Stored data:

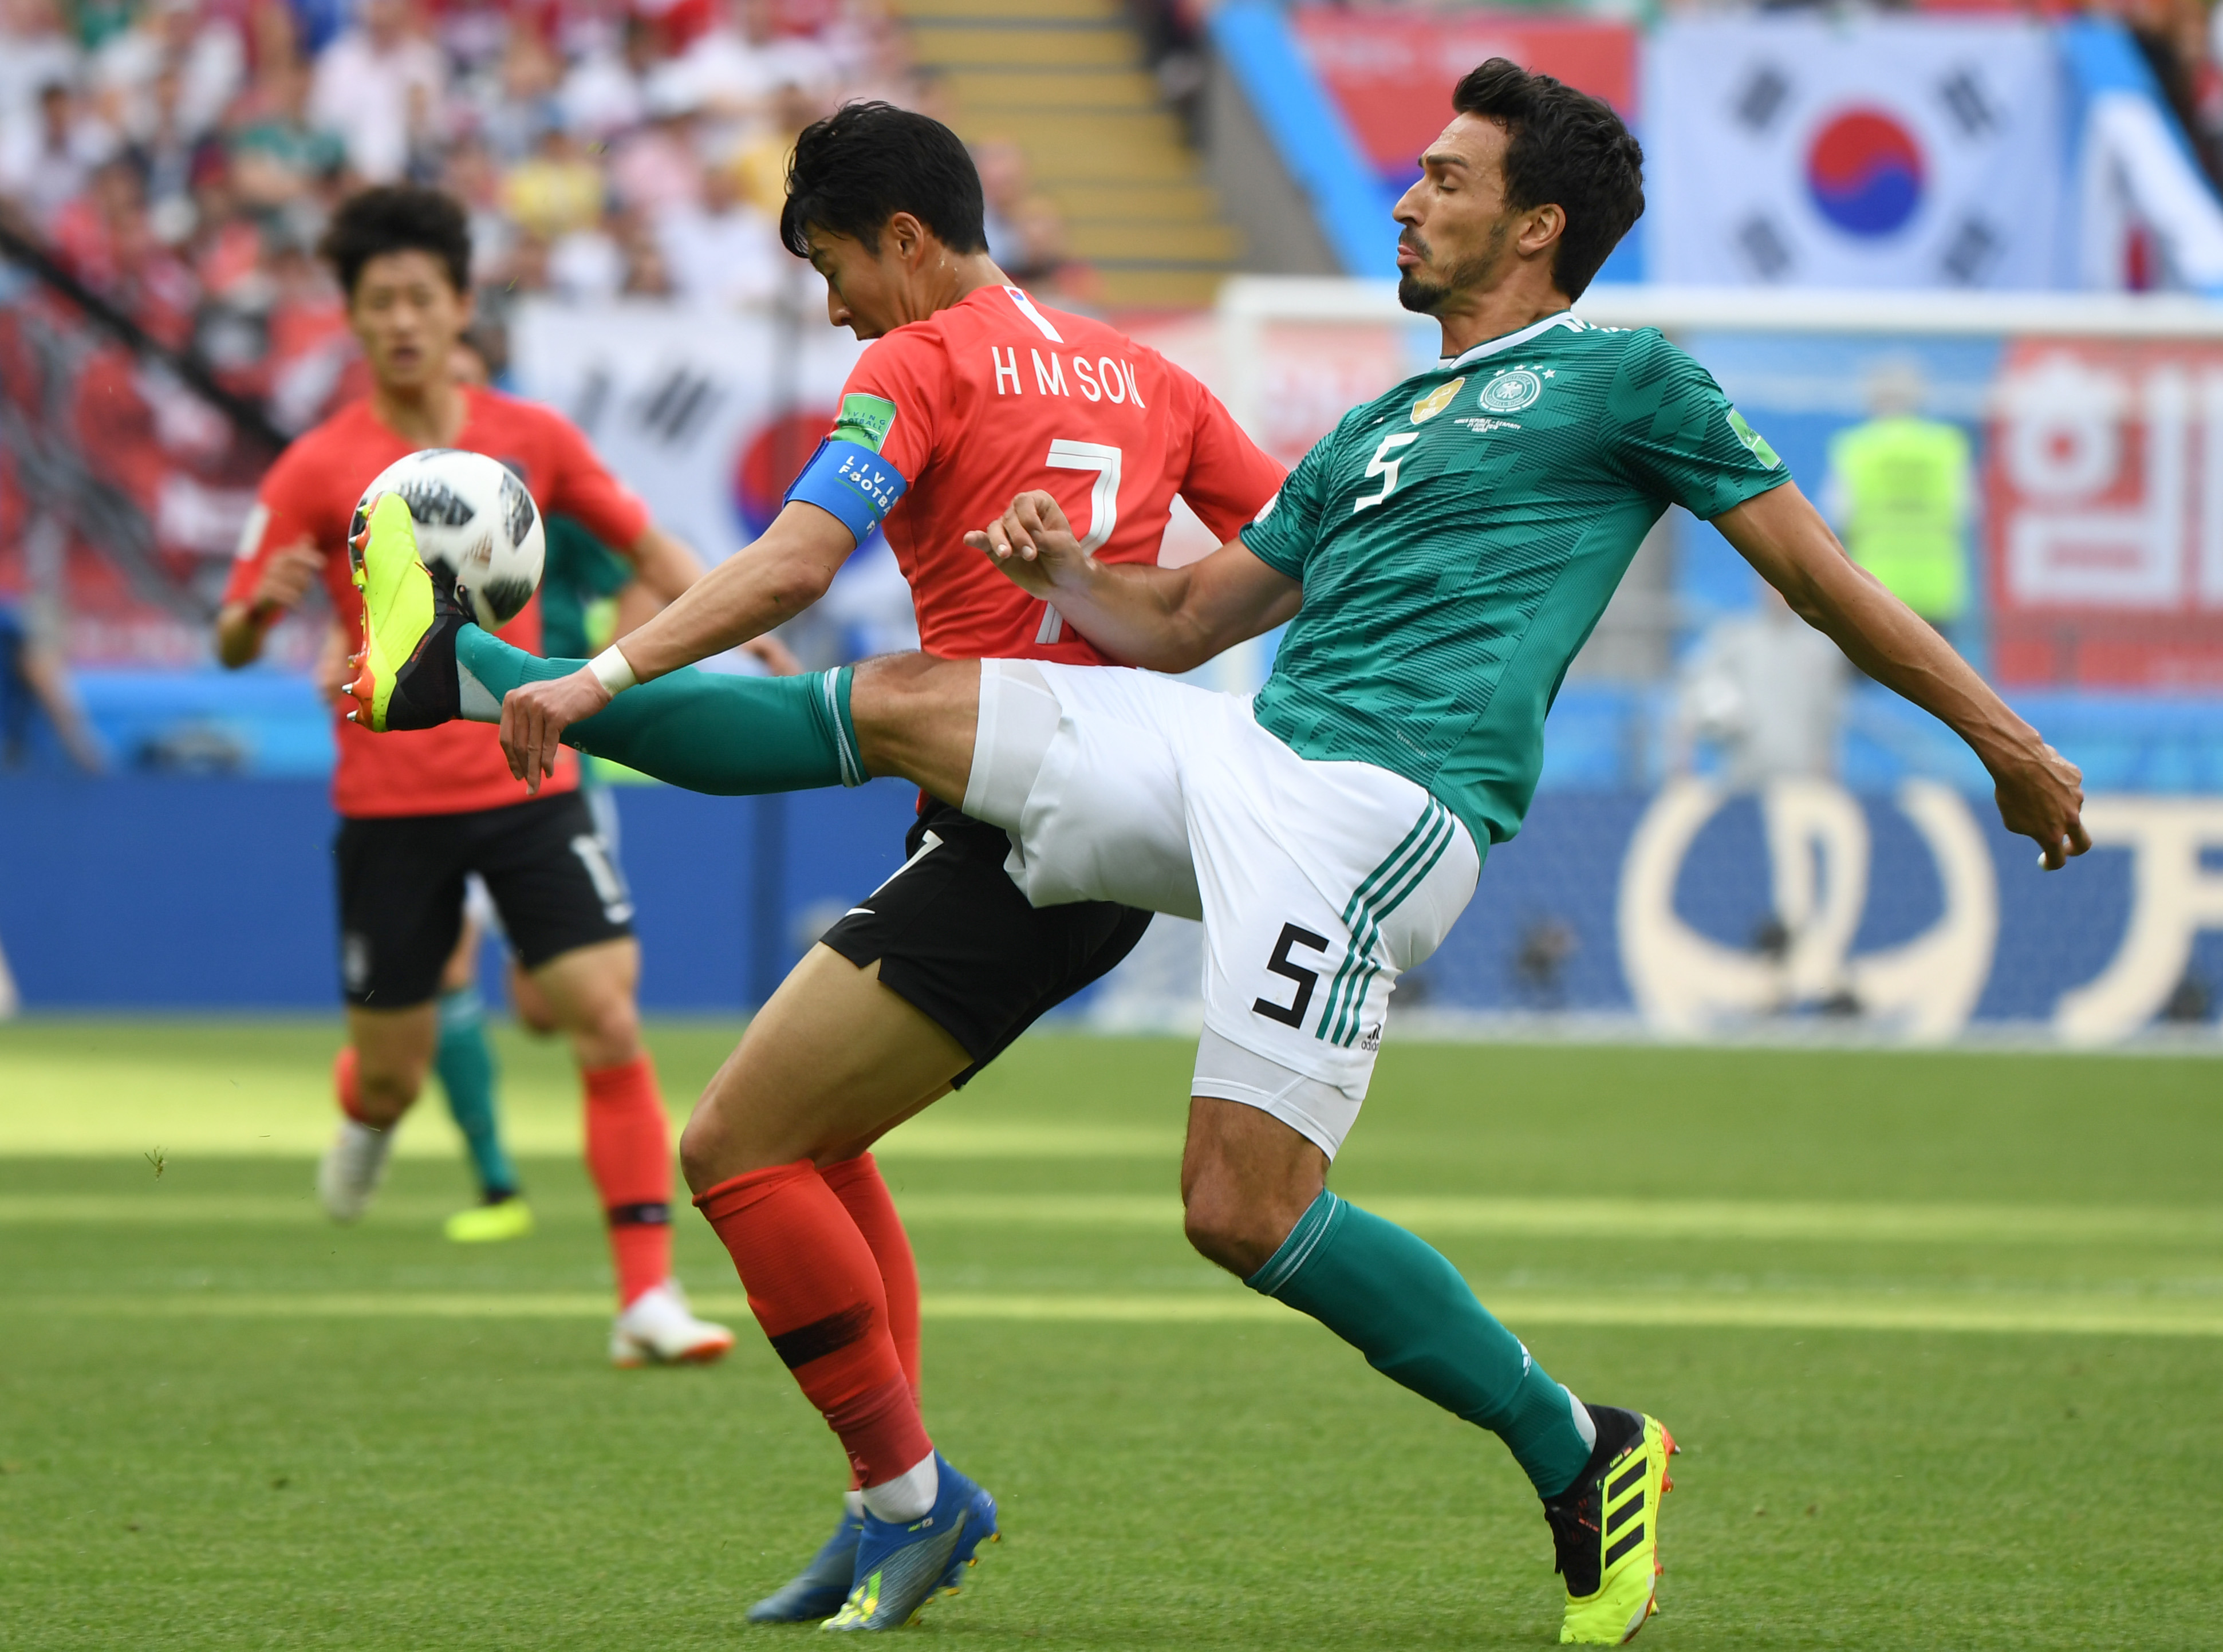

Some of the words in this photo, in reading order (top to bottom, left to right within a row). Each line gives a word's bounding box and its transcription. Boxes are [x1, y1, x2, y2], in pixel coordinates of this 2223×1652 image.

[991, 346, 1022, 395] H
[1031, 348, 1070, 397] M
[1073, 356, 1146, 408] SON
[847, 411, 886, 425] IVING
[1353, 432, 1420, 513] 5
[1034, 439, 1122, 644] 7
[1252, 922, 1330, 1030] 5

Problem details: Omit the pictures and print the listing exactly.

Answer box:
Some of the words in this photo, in reading order (top to bottom, left to right within a row). Each line gives a word's bounding box and its transcription. Boxes are [x1, y1, x2, y2], in pixel coordinates of this 2223×1652 image.

[991, 346, 1022, 395] H
[1031, 348, 1070, 397] M
[1073, 356, 1146, 408] SON
[847, 411, 886, 425] IVING
[1353, 432, 1420, 513] 5
[1034, 439, 1122, 644] 7
[1252, 922, 1330, 1030] 5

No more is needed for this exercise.